Дамы, которые давно уже прикладывали платочки к глазам (не все, впрочем), ухватились за слова моего соседа и тоже высказали упование на Бога.

Этот последний, но очень важный ресурс, видимо, поднял настроение и даже самому рыдавшему придал духу. Он мог, наконец, заметить, что уж давно проехал то место, где ему следовало сойти. Наорав по этому случаю на кондуктора (это ведь постоянные козлы отпущения за чужие грехи), он слез, но, отойдя немного, остановился и стал внимательно осматривать небо.
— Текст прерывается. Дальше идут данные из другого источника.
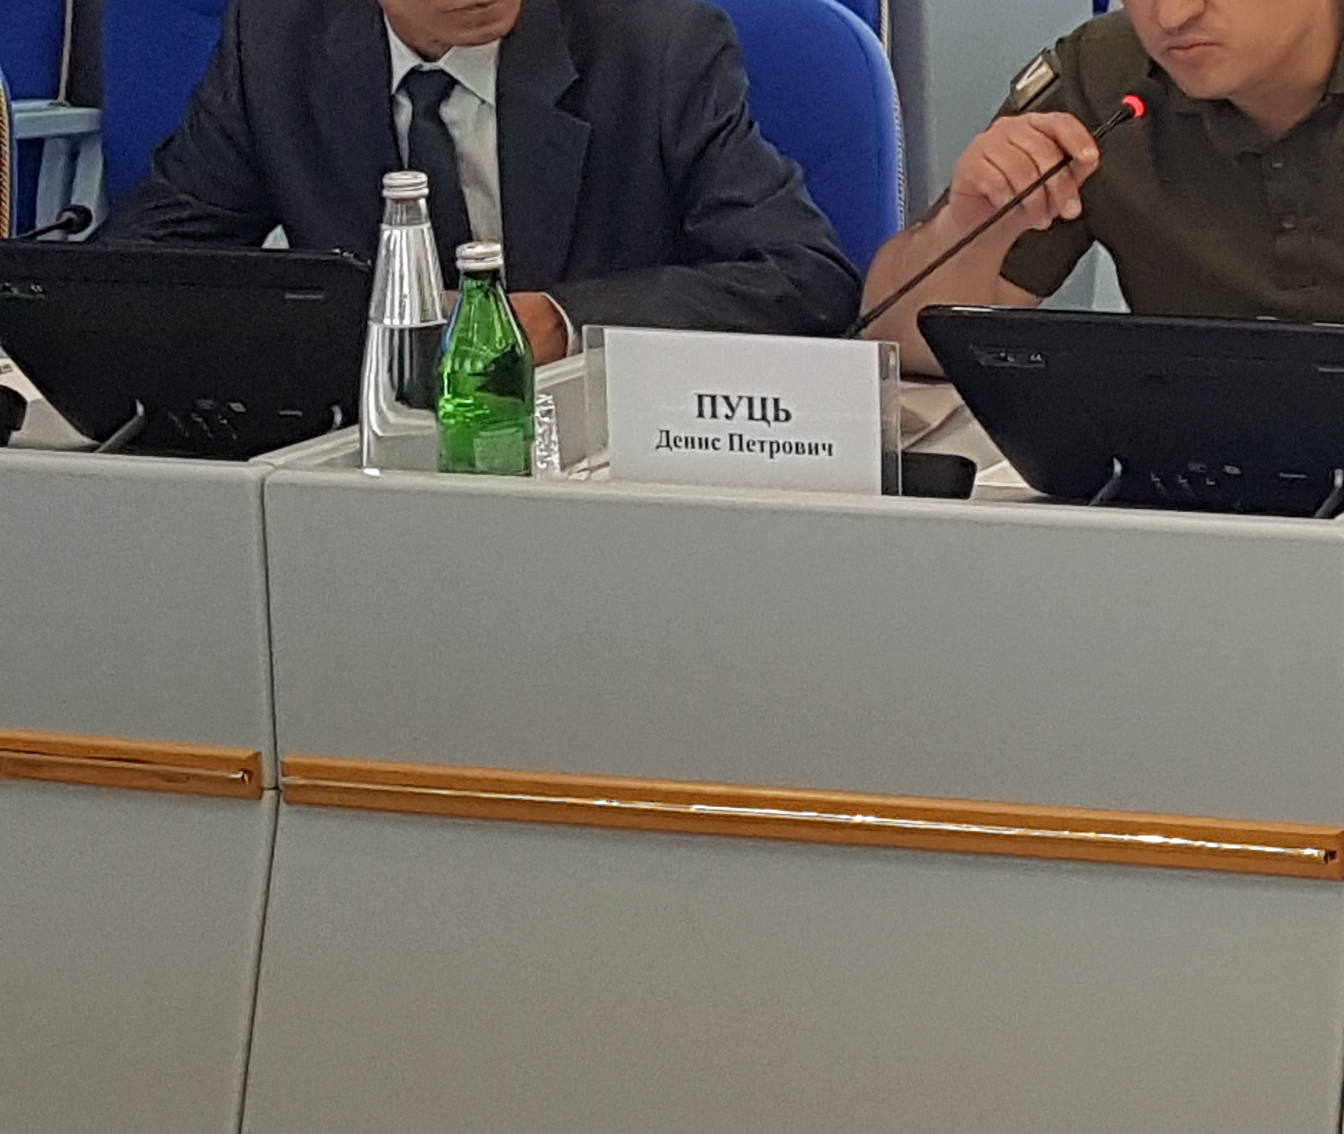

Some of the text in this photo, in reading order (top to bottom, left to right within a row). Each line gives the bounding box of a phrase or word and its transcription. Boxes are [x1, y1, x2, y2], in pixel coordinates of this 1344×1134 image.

Это вызвало кой-где смех, и настроение еще поднялось; действительно, нельзя было без смеха смотреть, как он, задрав голову к верху, обводил глазами небосклон, а затем пожал плечами и высморкался двумя пальцами.

Придя домой, я был встречен вопросом жены:

— Как же ты себя чувствуешь?

— Благодаря пальто, очень скверно.

— Ну, что ты шутишь! Тебе, наверное, совсем не было жарко.

Я указал ей на мокрый лоб (следствие пройденного в пальто расстояния лишь от конки до дому и притом рощицею, в тени), но других доводов приводить не стал; это было бесполезно, настолько бесполезно, что жена не замедлила воскликнуть радостным голосом:

— А зато ты не простудился!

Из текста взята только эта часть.